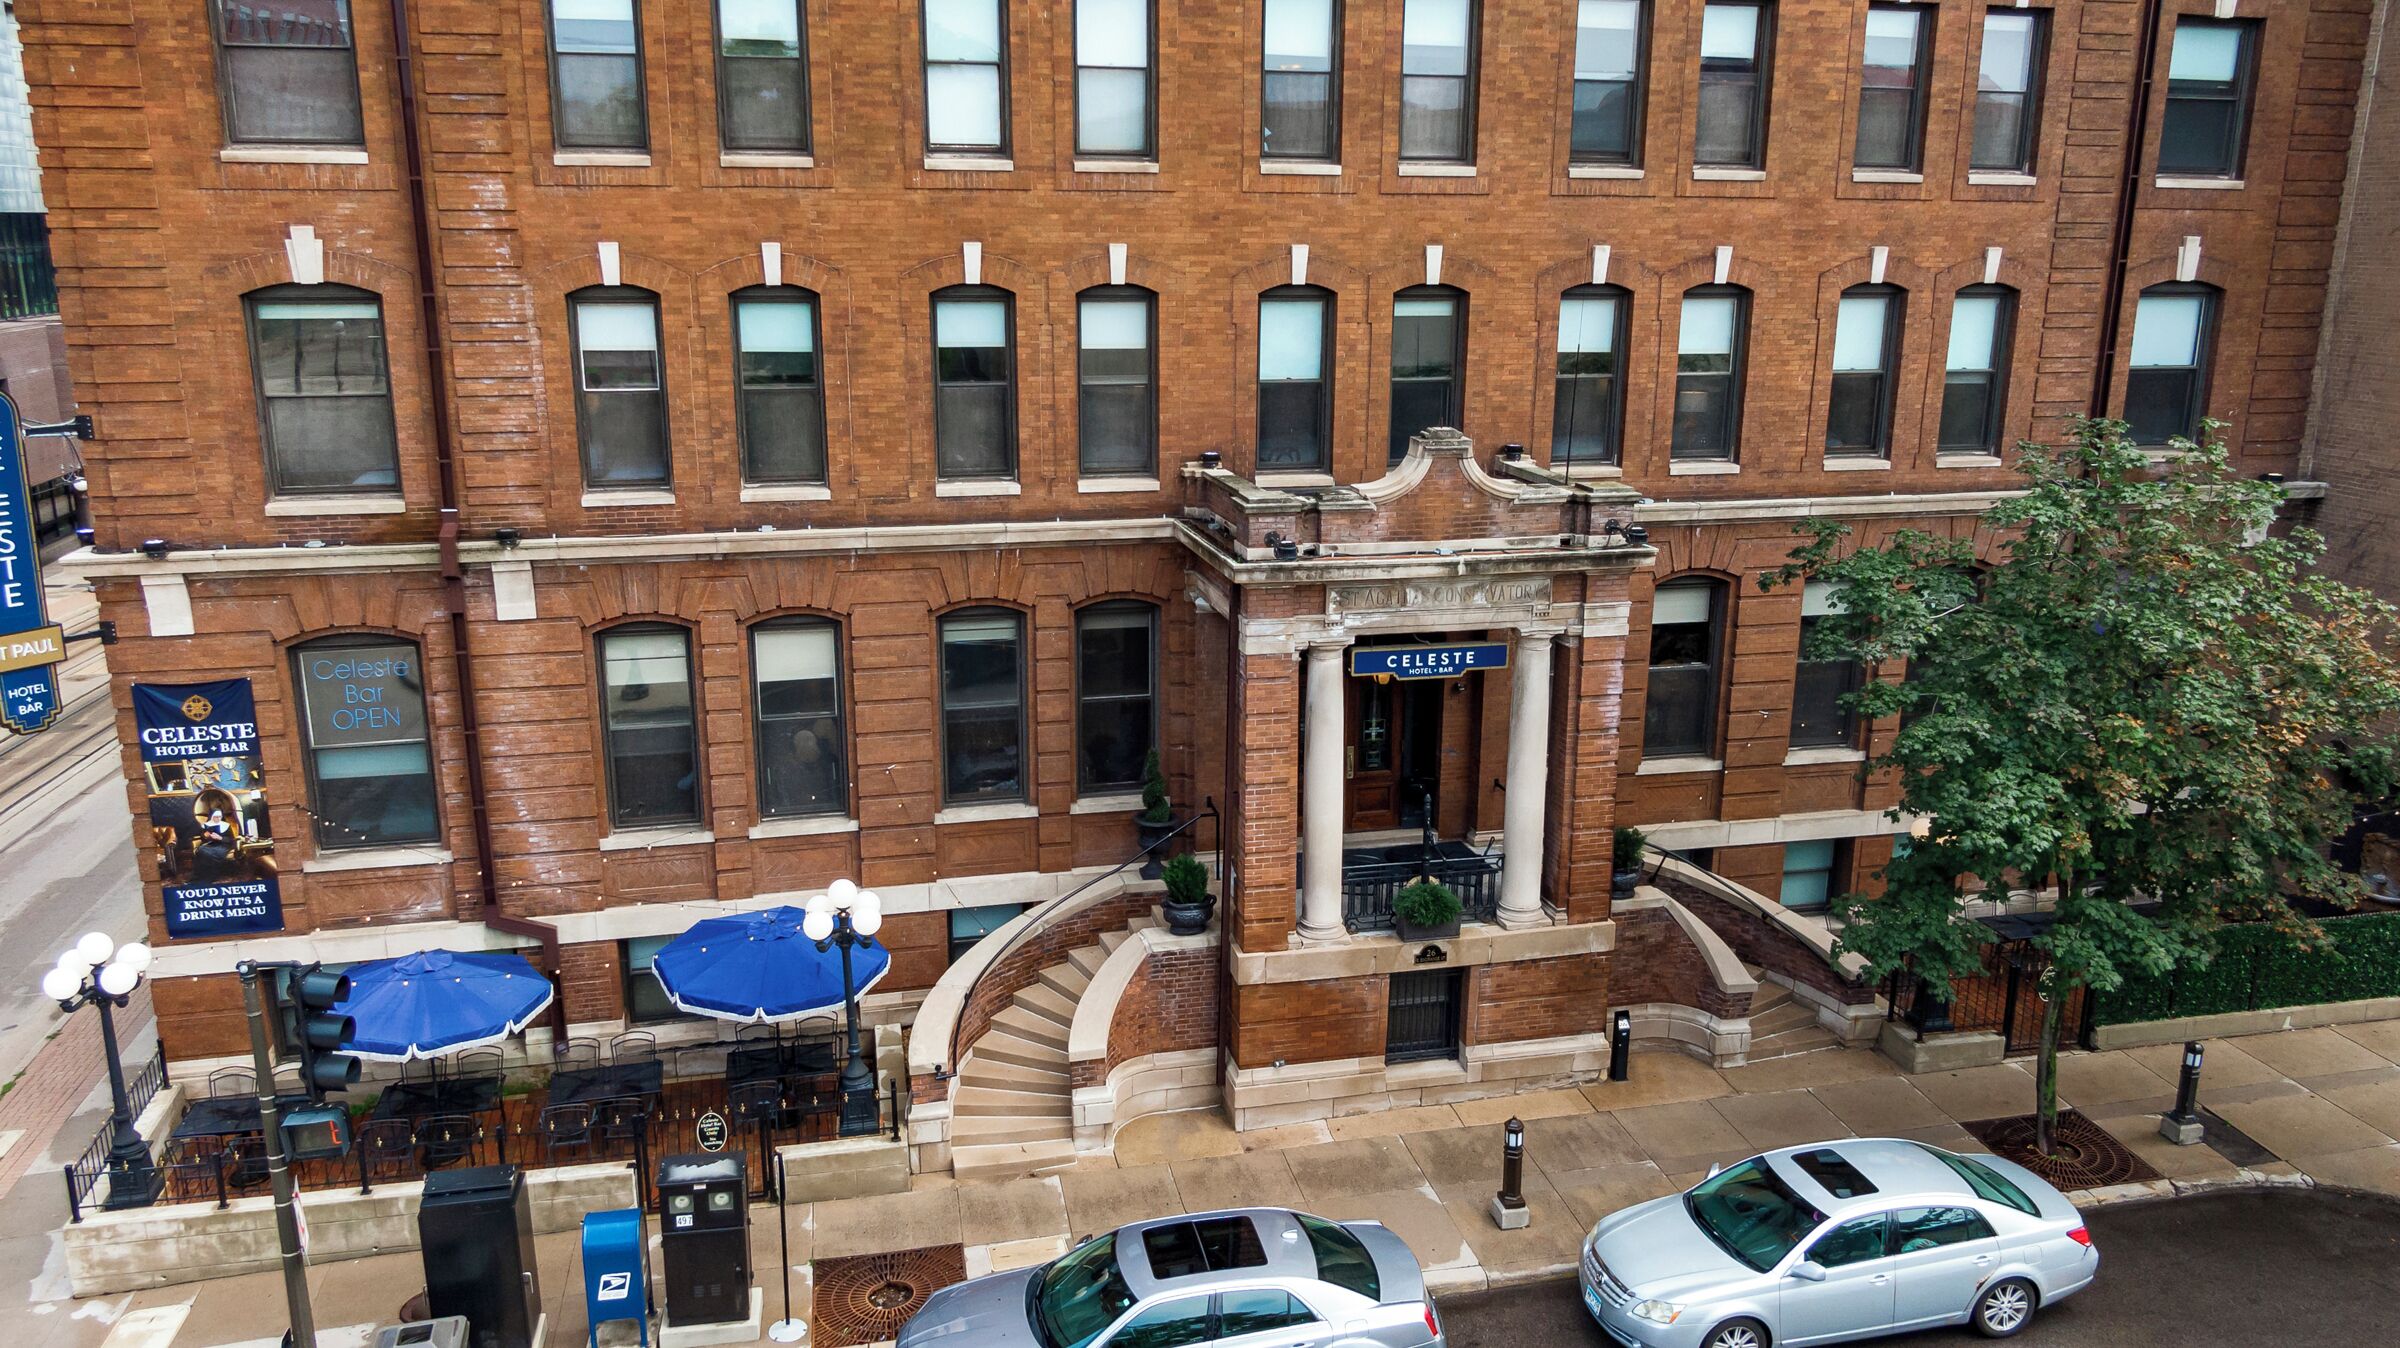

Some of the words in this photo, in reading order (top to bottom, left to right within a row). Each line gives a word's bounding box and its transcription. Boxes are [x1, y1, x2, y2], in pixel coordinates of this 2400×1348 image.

[1433, 583, 1541, 603] CONSVATORY
[10, 638, 59, 658] PAUL
[1386, 651, 1475, 668] CELESTE
[313, 656, 409, 680] Celeste
[1409, 667, 1432, 675] HOTEL
[8, 683, 48, 699] HOTEL
[345, 684, 384, 704] Bar
[18, 702, 43, 715] BAR
[332, 706, 401, 730] OPEN
[142, 723, 256, 744] CELESTE
[155, 744, 208, 756] HOTEL
[219, 742, 249, 753] BAR
[176, 887, 219, 899] YOU'D
[220, 884, 267, 896] NEVER
[184, 898, 225, 909] KNOW
[227, 896, 252, 906] IT'S
[253, 895, 264, 904] A
[180, 909, 225, 921] DRINK
[225, 906, 266, 917] MENU
[1426, 949, 1436, 957] 26
[677, 1216, 692, 1225] 497

----

Write out every line of the listing exactly as written, and leave the pictures out.

◆ SOLUTION TO THE EXERCISE ◆
Some of the words in this photo, in reading order (top to bottom, left to right within a row). Each line gives a word's bounding box and its transcription. Boxes are [x1, y1, x2, y2], in pixel coordinates of this 2400×1348 image.

[1433, 583, 1541, 603] CONSVATORY
[10, 638, 59, 658] PAUL
[1386, 651, 1475, 668] CELESTE
[313, 656, 409, 680] Celeste
[1409, 667, 1432, 675] HOTEL
[8, 683, 48, 699] HOTEL
[345, 684, 384, 704] Bar
[18, 702, 43, 715] BAR
[332, 706, 401, 730] OPEN
[142, 723, 256, 744] CELESTE
[155, 744, 208, 756] HOTEL
[219, 742, 249, 753] BAR
[176, 887, 219, 899] YOU'D
[220, 884, 267, 896] NEVER
[184, 898, 225, 909] KNOW
[227, 896, 252, 906] IT'S
[253, 895, 264, 904] A
[180, 909, 225, 921] DRINK
[225, 906, 266, 917] MENU
[1426, 949, 1436, 957] 26
[677, 1216, 692, 1225] 497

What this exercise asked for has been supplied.